Information shown:
━━━━━━

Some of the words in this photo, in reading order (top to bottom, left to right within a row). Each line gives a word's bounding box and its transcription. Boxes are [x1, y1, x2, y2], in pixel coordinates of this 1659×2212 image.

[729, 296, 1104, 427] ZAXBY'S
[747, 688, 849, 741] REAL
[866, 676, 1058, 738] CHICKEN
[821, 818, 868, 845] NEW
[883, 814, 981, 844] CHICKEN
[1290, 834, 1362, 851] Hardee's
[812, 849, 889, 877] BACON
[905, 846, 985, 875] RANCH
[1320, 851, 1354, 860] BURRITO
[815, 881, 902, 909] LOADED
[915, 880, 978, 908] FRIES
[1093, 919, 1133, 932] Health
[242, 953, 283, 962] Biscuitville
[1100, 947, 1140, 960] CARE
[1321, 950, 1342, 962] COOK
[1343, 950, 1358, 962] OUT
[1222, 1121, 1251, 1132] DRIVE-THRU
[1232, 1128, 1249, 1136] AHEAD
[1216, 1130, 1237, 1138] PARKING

━━━━━━

What to do:
Return the data in full, with each line kept exactly as it is.

Reply:
Some of the words in this photo, in reading order (top to bottom, left to right within a row). Each line gives a word's bounding box and its transcription. Boxes are [x1, y1, x2, y2], in pixel coordinates of this 1659×2212 image.

[729, 296, 1104, 427] ZAXBY'S
[747, 688, 849, 741] REAL
[866, 676, 1058, 738] CHICKEN
[821, 818, 868, 845] NEW
[883, 814, 981, 844] CHICKEN
[1290, 834, 1362, 851] Hardee's
[812, 849, 889, 877] BACON
[905, 846, 985, 875] RANCH
[1320, 851, 1354, 860] BURRITO
[815, 881, 902, 909] LOADED
[915, 880, 978, 908] FRIES
[1093, 919, 1133, 932] Health
[242, 953, 283, 962] Biscuitville
[1100, 947, 1140, 960] CARE
[1321, 950, 1342, 962] COOK
[1343, 950, 1358, 962] OUT
[1222, 1121, 1251, 1132] DRIVE-THRU
[1232, 1128, 1249, 1136] AHEAD
[1216, 1130, 1237, 1138] PARKING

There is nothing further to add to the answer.